The first science fiction to be set on Mars may be Across the Zodiac: The Story of a Wrecked Record (1880) by Percy Greg. It was a long-winded book concerned with a civil war on Mars. Another Mars novel, this time dealing with benevolent Martians coming to Earth to give humankind the benefit of their advanced knowledge, was published in 1897 by Kurd Lasswitz — Two Planets (Auf Zwei Planeten). It was not translated until 1971, and thus may not have influenced Wells, although it did depict a Mars influenced by the ideas of Percival Lowell. Other examples are Mr. Stranger's Sealed Packet (1889), which took place on Mars, Gustavus W. Popes's Journey to Mars (1894), and Ellsworth Douglas's Pharaoh's Broker, in which the protagonist encounters an Egyptian civilisation on Mars which, while parallel to that of the Earth has evolved somehow independently.
Early examples of influence on science fiction
Wells had already proposed another outcome for the alien invasion story in The War of the Worlds. When the Narrator meets the artilleryman the second time, the artilleryman imagines a future where humanity, hiding underground in sewers and tunnels, conducts a guerrilla war, fighting against the Martians for generations to come, and eventually, after learning how to duplicate Martian weapon technology, destroys the invaders and takes back the Earth.

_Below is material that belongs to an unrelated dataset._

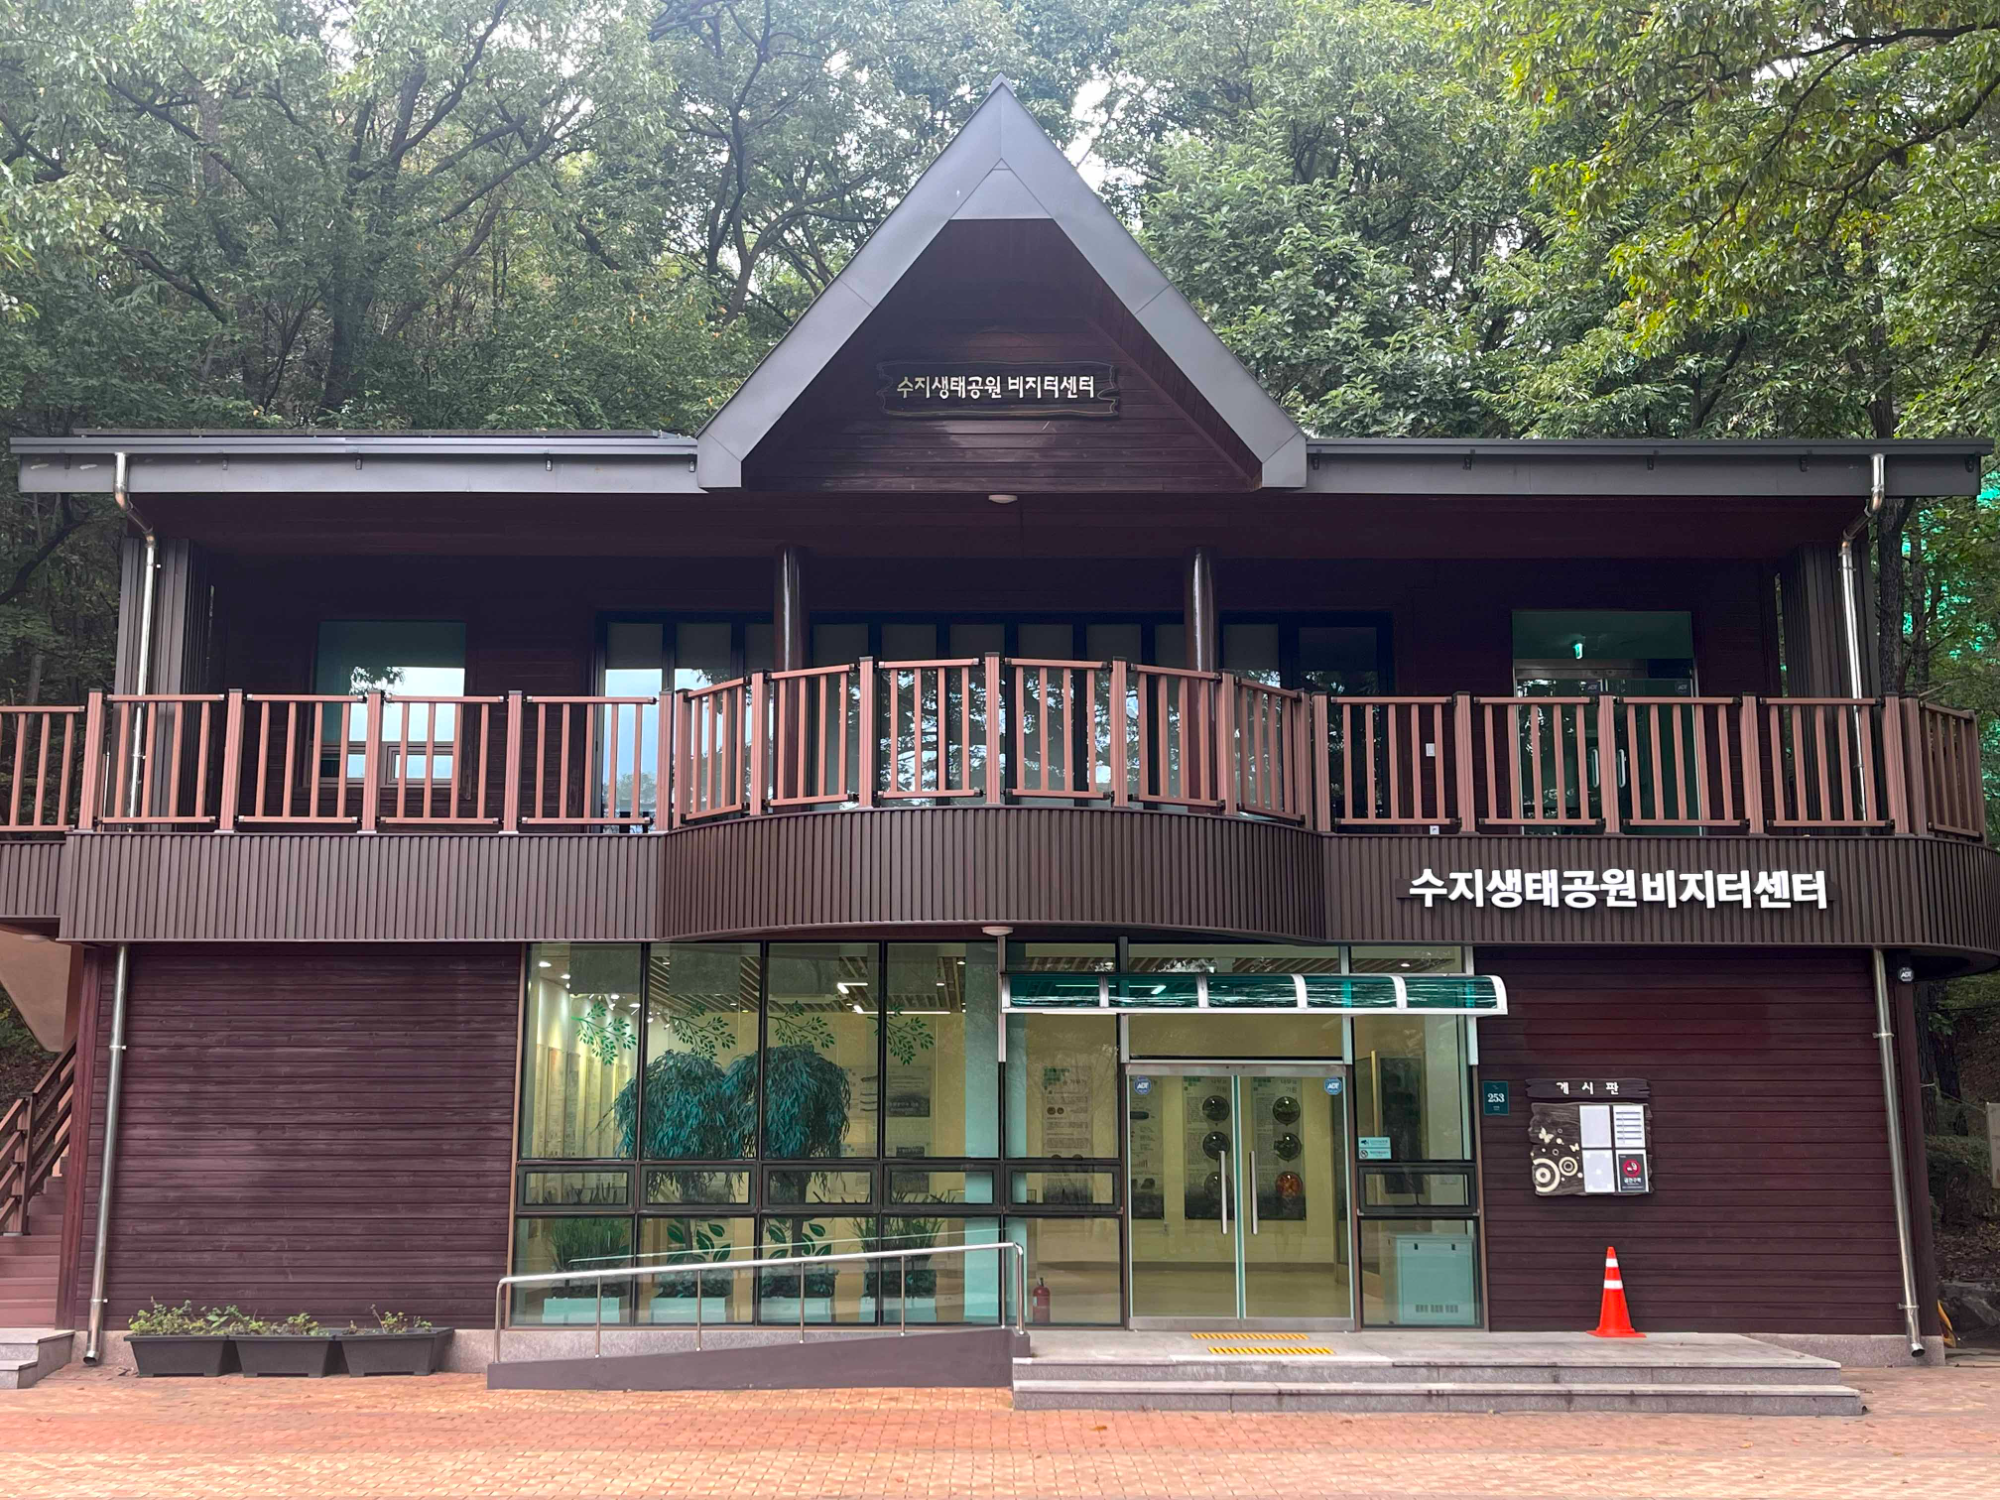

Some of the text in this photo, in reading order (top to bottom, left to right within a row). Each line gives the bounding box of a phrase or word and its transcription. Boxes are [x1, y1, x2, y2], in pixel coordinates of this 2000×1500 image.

[896, 375, 1095, 399] 수지생태공원 비지터센터
[1487, 1092, 1505, 1103] 253

Six weeks after publication of the novel, the Boston Post newspaper published another alien invasion story, an unauthorised sequel to The War of the Worlds, which turned the tables on the invaders. Edison's Conquest of Mars was written by Garrett P. Serviss, a now little remembered writer, who described the famous inventor Thomas Edison leading a counterattack against the invaders on their home soil. Though this is actually a sequel to 'Fighters from Mars', a revised and unauthorised reprint of War of the Worlds, they both were first printed in the Boston Post in 1898. Lazar Lagin published "Major Well Andyou" in USSR in 1962, an alternative view of events in "War of the Worlds" from the viewpoint of a traitor.

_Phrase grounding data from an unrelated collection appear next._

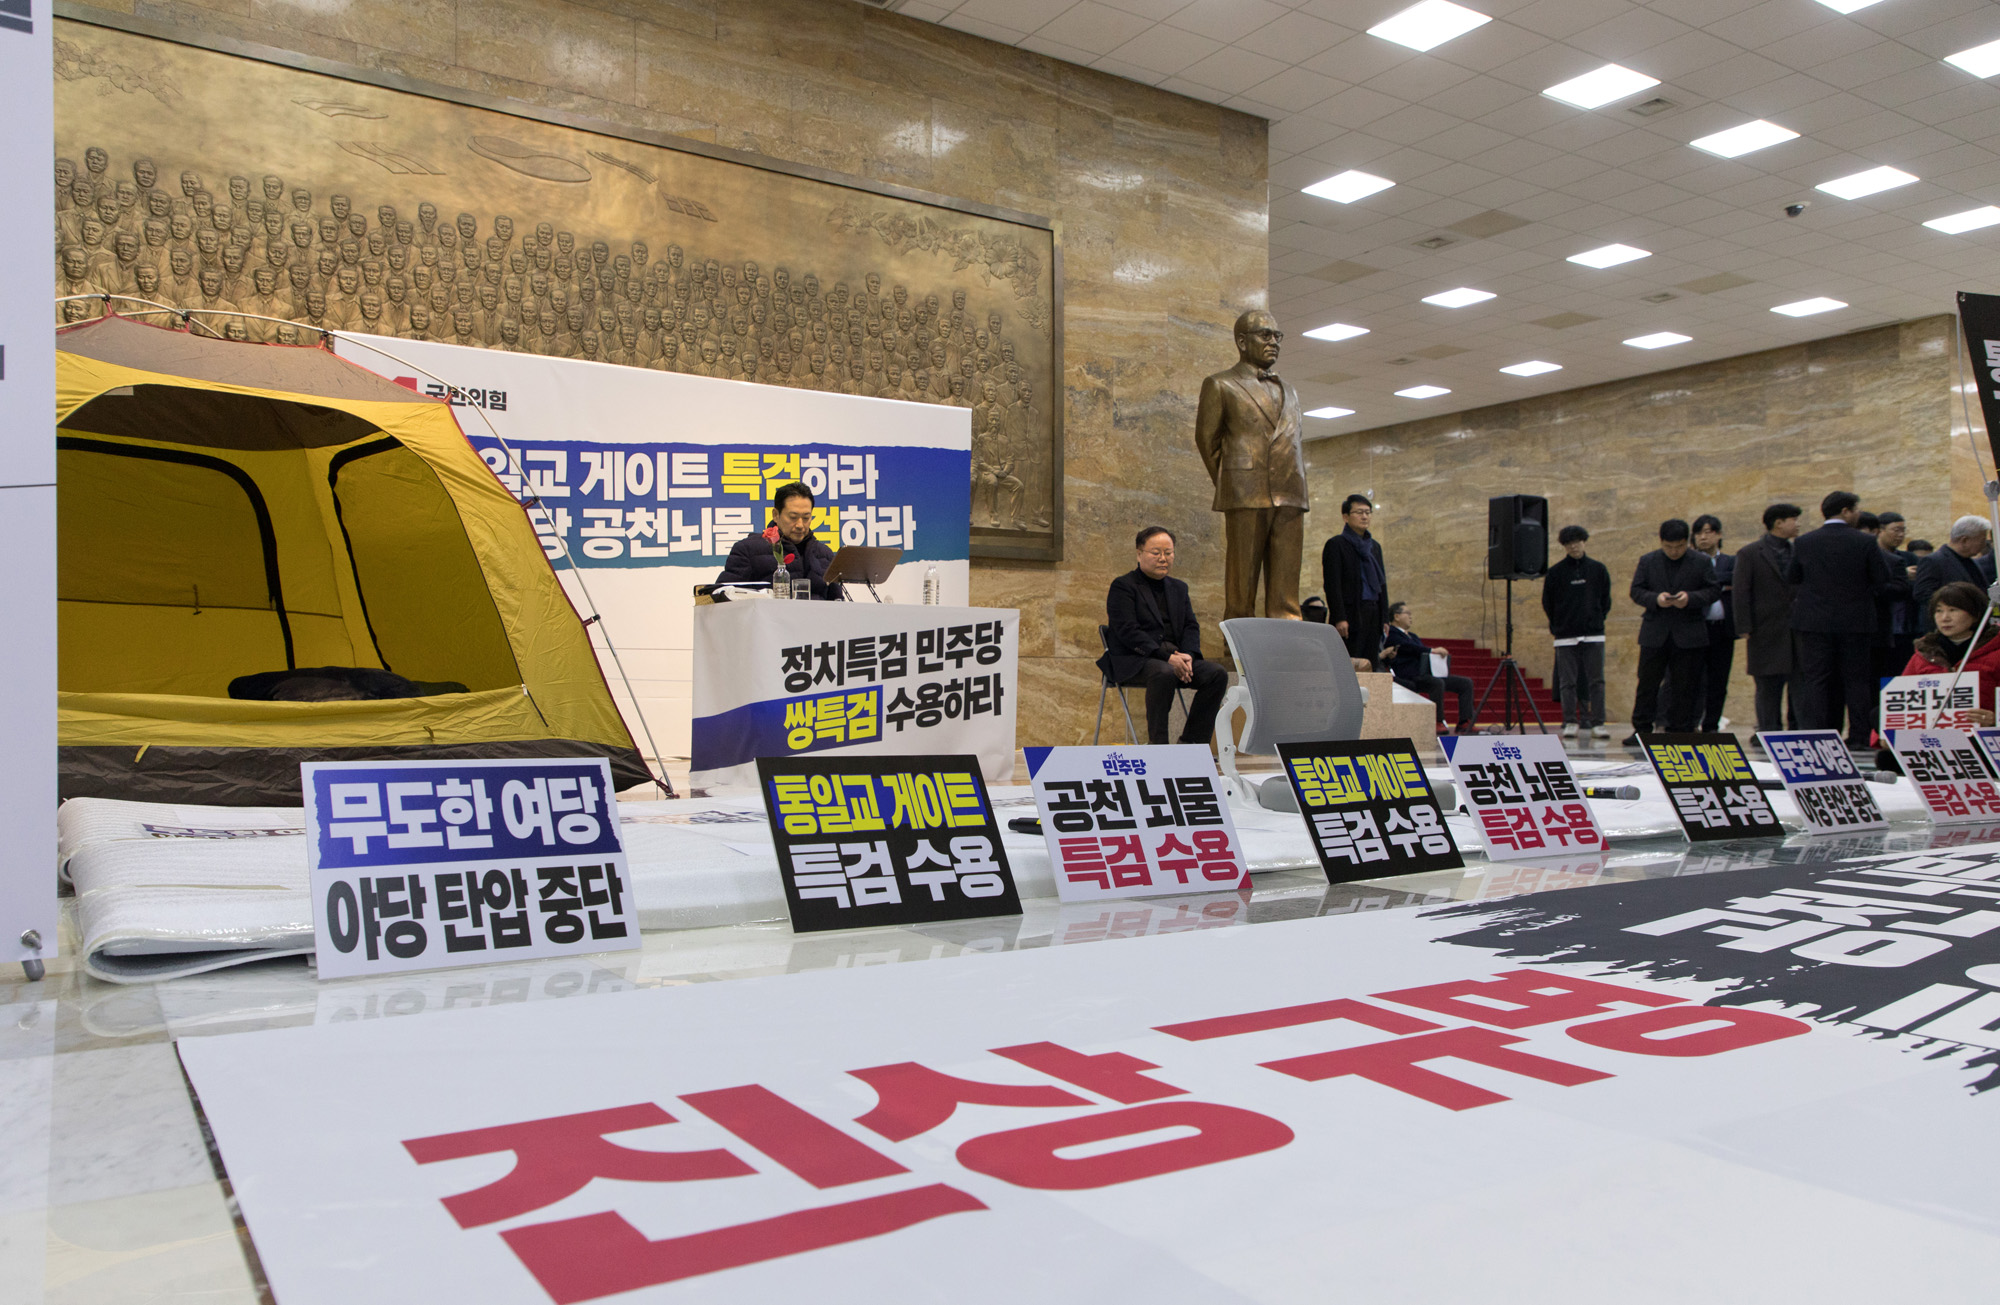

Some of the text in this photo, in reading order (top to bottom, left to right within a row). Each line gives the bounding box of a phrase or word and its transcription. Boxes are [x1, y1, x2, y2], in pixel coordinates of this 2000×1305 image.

[579, 450, 712, 501] 게이트
[720, 452, 879, 501] 특검하라
[580, 506, 754, 560] 공천뇌물
[765, 505, 917, 552] 검하라
[781, 620, 1004, 693] 정치특검 민주당
[783, 672, 1004, 750] 쌍특검 수용하라
[1885, 689, 1927, 712] 공천
[1102, 759, 1146, 776] 민주당
[1290, 752, 1429, 807] 통일교 게이트
[1492, 746, 1522, 760] 민주당
[1649, 744, 1709, 782] 통일교
[1695, 744, 1753, 781] 게이트
[1770, 739, 1854, 778] 무도한 여당
[1900, 749, 1951, 782] 공천
[1939, 748, 1988, 780] 뇌물
[774, 772, 986, 835] 통일교 게이트
[1043, 776, 1223, 833] 공천 뇌물
[1458, 761, 1582, 805] 공천 뇌물
[1670, 784, 1775, 829] 특검 수용
[1794, 783, 1884, 827] 야당 탄압 중단
[1920, 781, 2000, 817] 특검 수용
[329, 776, 600, 855] 무도한 여당
[1311, 803, 1451, 865] 특검 수용
[1478, 803, 1600, 851] 특검 수용
[788, 835, 1005, 909] 특검 수용
[1058, 829, 1239, 890] 특검 수용
[327, 862, 628, 961] 야당 탄압 중단
[403, 1042, 1294, 1305] 진상
[1153, 969, 1811, 1110] 규명

The War of the Worlds was reprinted in the United States in 1927, before the Golden Age of science fiction, by Hugo Gernsback in Amazing Stories. John W. Campbell, another key science fiction editor of the era, and periodic short story writer, published several alien invasion stories in the 1930s. Many well known science fiction writers were to follow, including Isaac Asimov, Arthur C. Clarke, Clifford Simak and Robert A. Heinlein with The Puppet Masters and John Wyndham with The Kraken Wakes.
The theme of alien invasion has remained popular to the present day and are frequently used in the plots of all forms of popular entertainment including movies, television, novels, comics and video games. Alan Moore's graphic novel, The League of Extraordinary Gentlemen, Volume II, retells the events in The War of the Worlds. In the end of the first issue of Marvel Zombies 5, it is revealed that the main characters will visit a world called "Martian Protectorate" where the events of War of the Worlds are occurring.
The Tripods trilogy of books features a central theme of invasion by alien-controlled tripods.
Other narratives, in addition to utilising the alien invasion trope, also involve the appearance of tripod alien fighting machines. The computer game Half-Life 2 makes an apparent homage to The War of the Worlds in the appearance of tripod fighting machines known as Striders, used by the alien invaders. In the video game Unreal Tournament III, one of the vehicles used by the antagonist is a large "Darkwalker" tripod that functions similarly to those in War of the Worlds.